INPUT RECORDS>
--------------------------------------------------

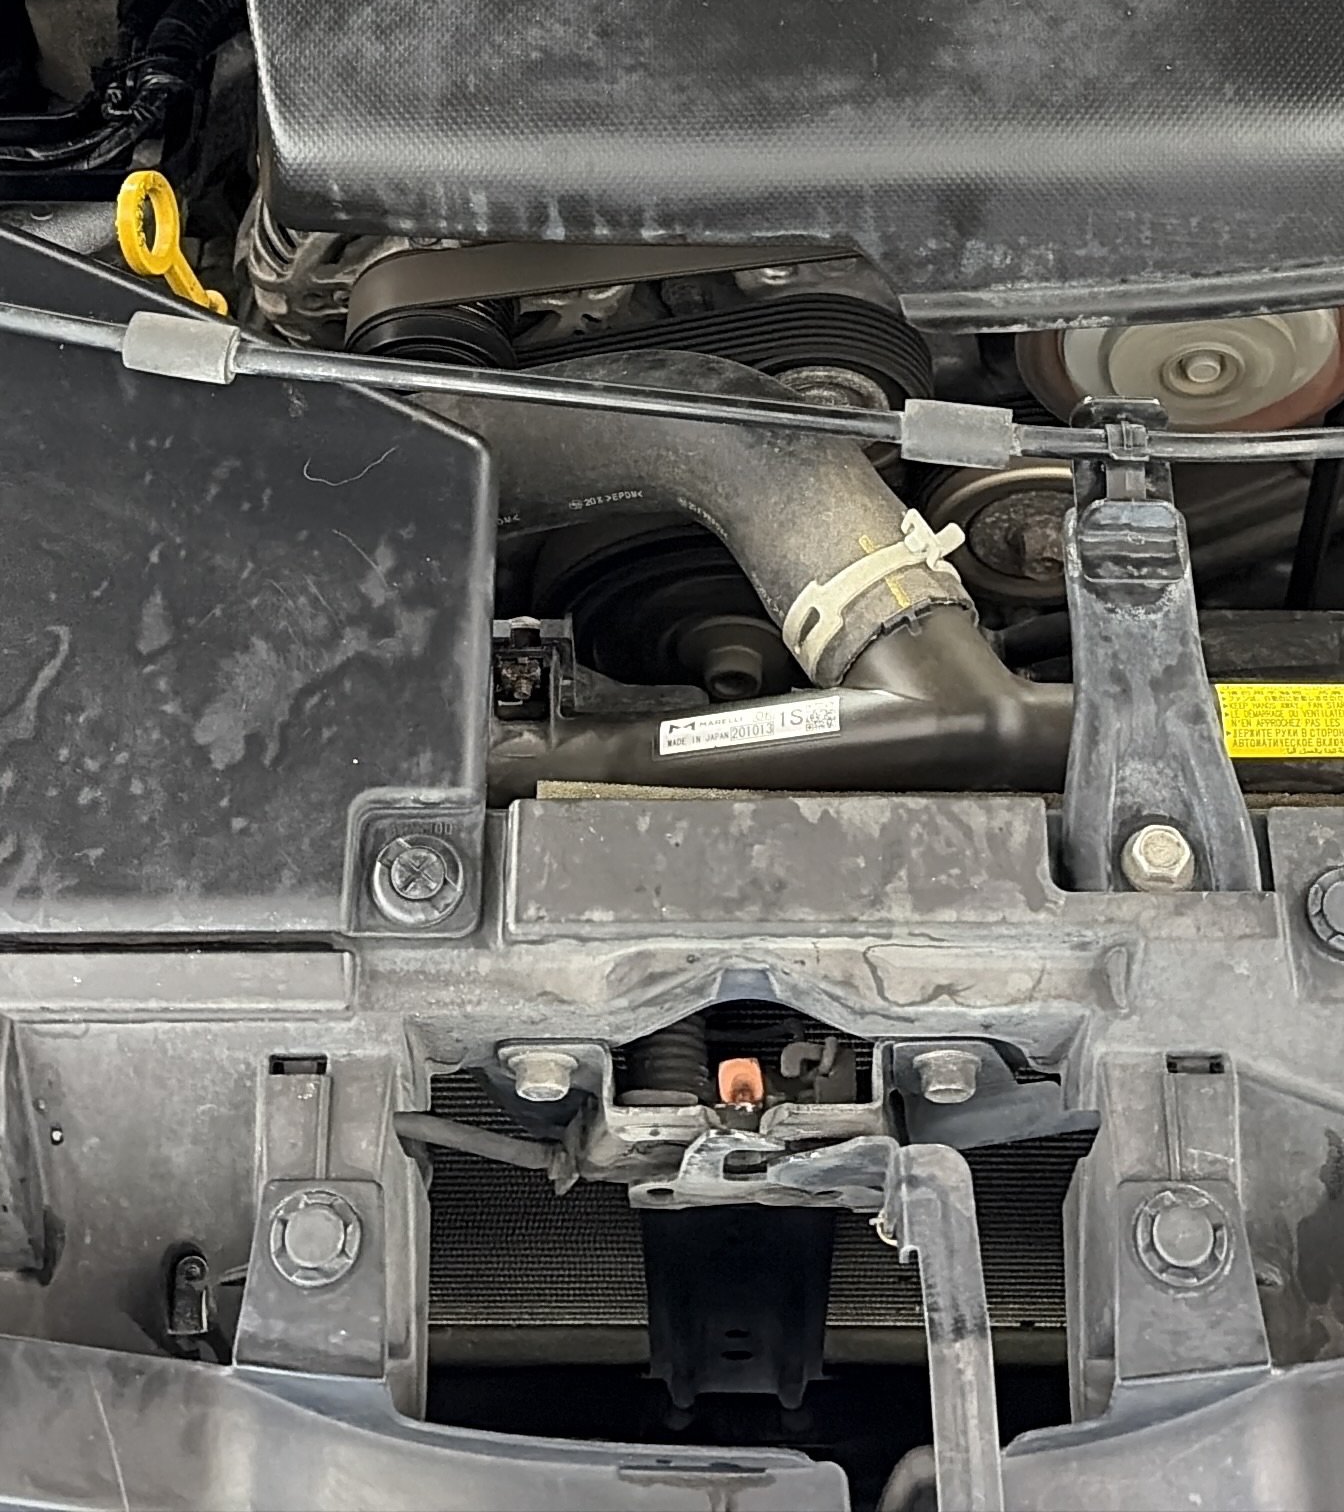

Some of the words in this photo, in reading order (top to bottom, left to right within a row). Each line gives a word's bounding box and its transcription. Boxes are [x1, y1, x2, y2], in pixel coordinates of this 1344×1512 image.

[1307, 701, 1323, 709] FAN
[1230, 710, 1240, 719] LE
[699, 717, 744, 727] MARELLI
[1231, 719, 1252, 728] N'EN
[1256, 719, 1301, 728] APPROCHEZ
[1305, 718, 1321, 727] PAS
[1325, 718, 1341, 727] LES
[667, 737, 687, 748] MADE
[692, 735, 701, 744] IN
[706, 731, 730, 743] JAPAN
[731, 722, 774, 739] 201013
[1233, 729, 1273, 738] ДЕРЖИТЕ
[1275, 729, 1301, 738] РУКИ
[1232, 738, 1314, 748] АВТОМАТИЧЕСКОЕ
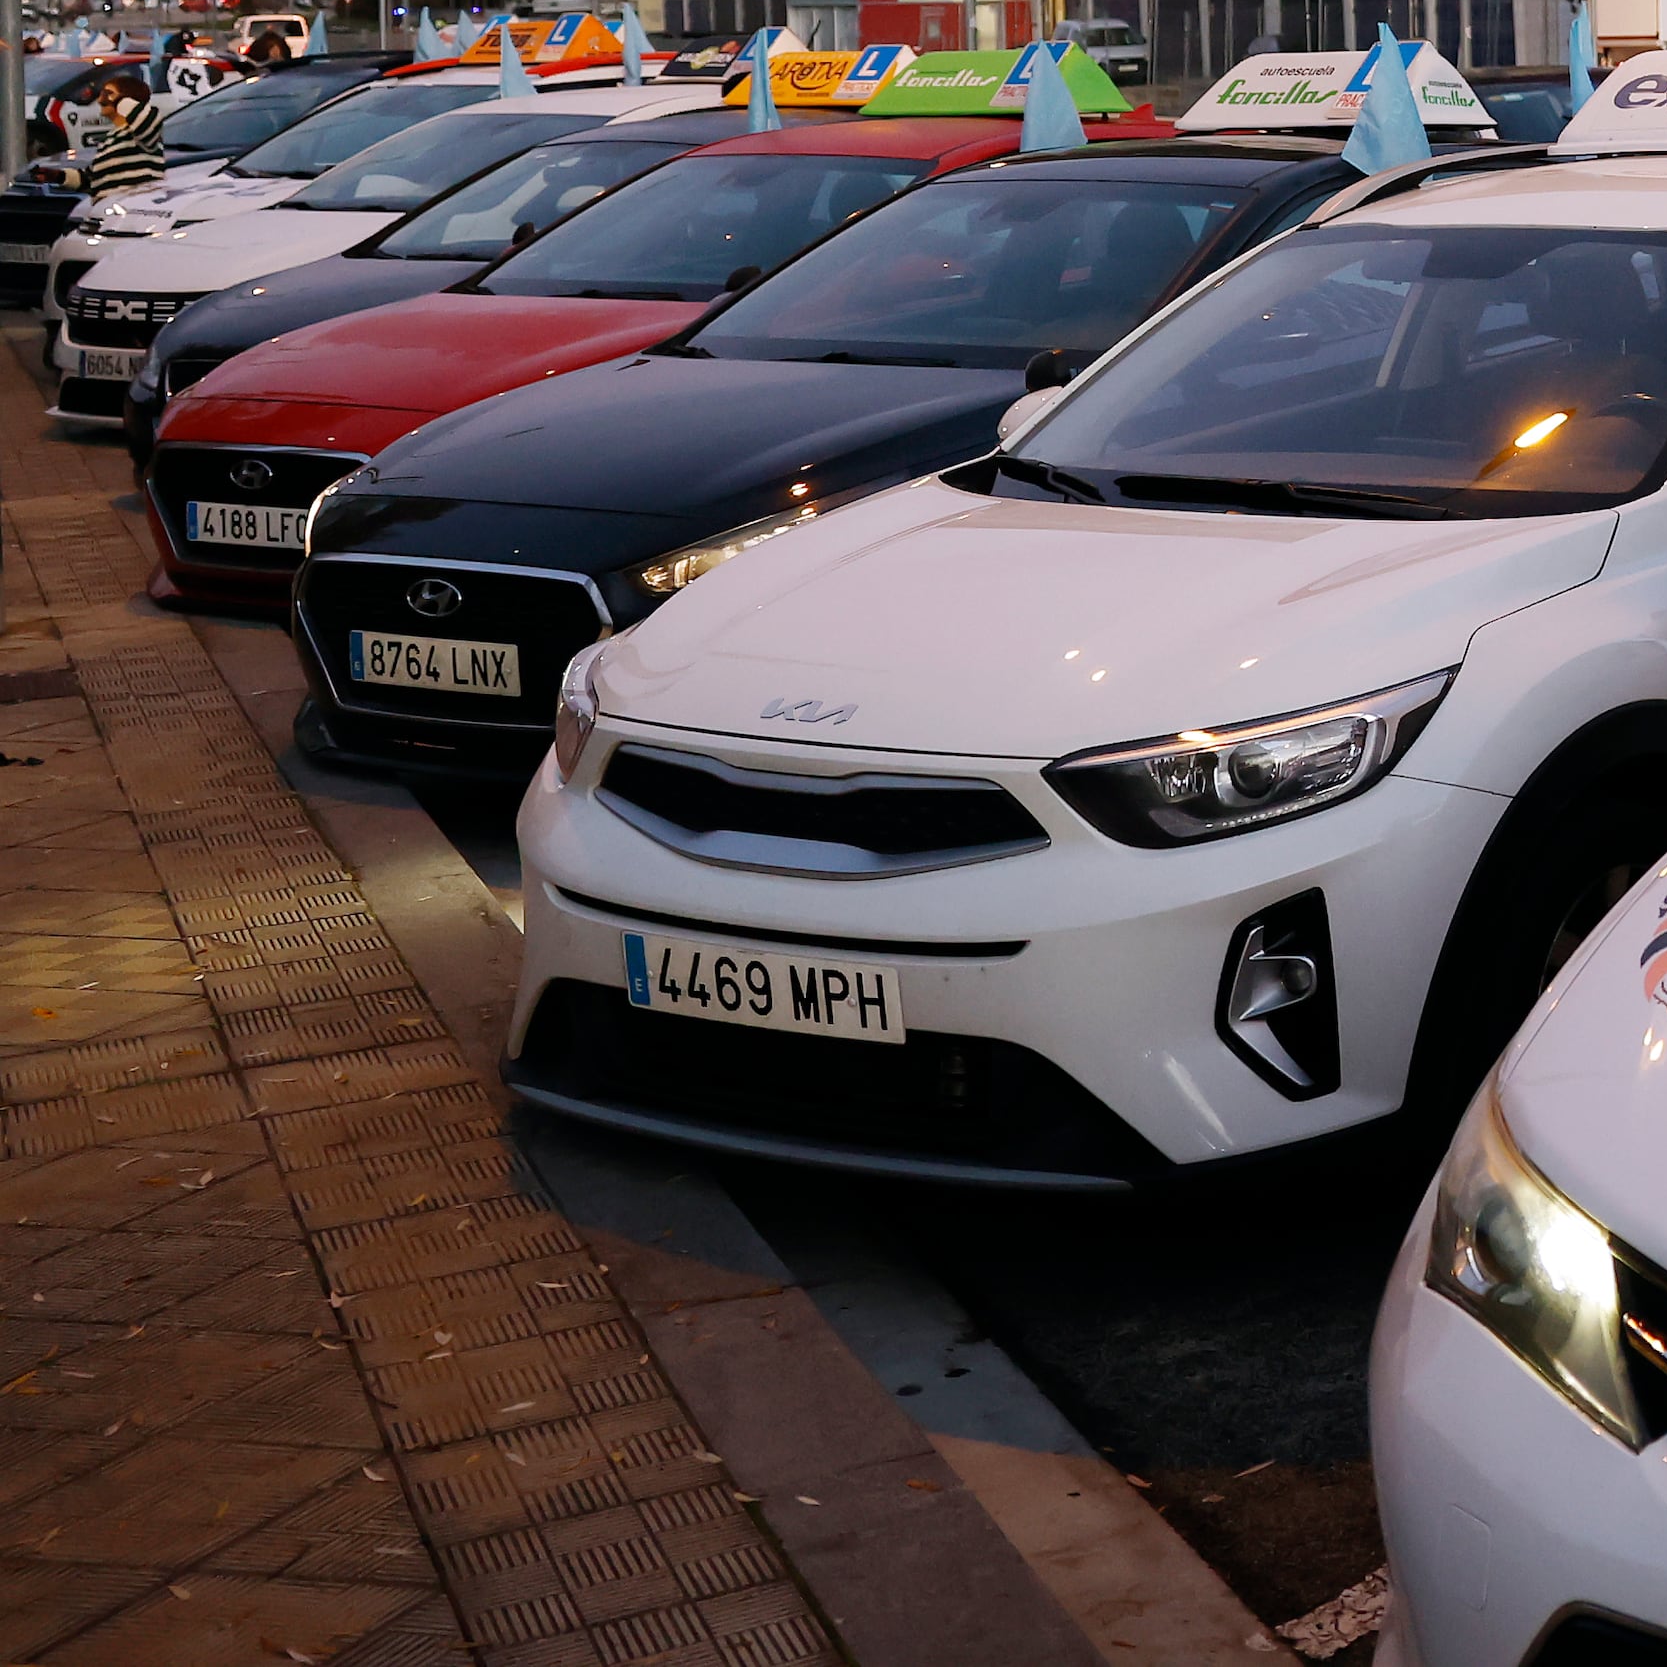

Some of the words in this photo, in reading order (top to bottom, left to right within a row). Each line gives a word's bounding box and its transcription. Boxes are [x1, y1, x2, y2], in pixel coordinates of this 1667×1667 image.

[856, 50, 880, 77] L
[1260, 65, 1335, 77] autoescuela
[204, 507, 257, 540] 4188
[370, 640, 440, 682] 8764
[452, 647, 508, 688] LNX
[659, 947, 773, 1016] 4469
[789, 964, 888, 1030] MPH

--------------------------------------------------

TASK TO COMPLETE>
Could you copy the lines above exactly and skip the images?

WRITTEN ANSWER>
Some of the words in this photo, in reading order (top to bottom, left to right within a row). Each line gives a word's bounding box and its transcription. Boxes are [x1, y1, x2, y2], in pixel coordinates of this 1344×1512 image.

[1307, 701, 1323, 709] FAN
[1230, 710, 1240, 719] LE
[699, 717, 744, 727] MARELLI
[1231, 719, 1252, 728] N'EN
[1256, 719, 1301, 728] APPROCHEZ
[1305, 718, 1321, 727] PAS
[1325, 718, 1341, 727] LES
[667, 737, 687, 748] MADE
[692, 735, 701, 744] IN
[706, 731, 730, 743] JAPAN
[731, 722, 774, 739] 201013
[1233, 729, 1273, 738] ДЕРЖИТЕ
[1275, 729, 1301, 738] РУКИ
[1232, 738, 1314, 748] АВТОМАТИЧЕСКОЕ

Some of the words in this photo, in reading order (top to bottom, left to right within a row). Each line gives a word's bounding box and its transcription. Boxes are [x1, y1, x2, y2], in pixel coordinates of this 1667×1667 image.

[856, 50, 880, 77] L
[1260, 65, 1335, 77] autoescuela
[204, 507, 257, 540] 4188
[370, 640, 440, 682] 8764
[452, 647, 508, 688] LNX
[659, 947, 773, 1016] 4469
[789, 964, 888, 1030] MPH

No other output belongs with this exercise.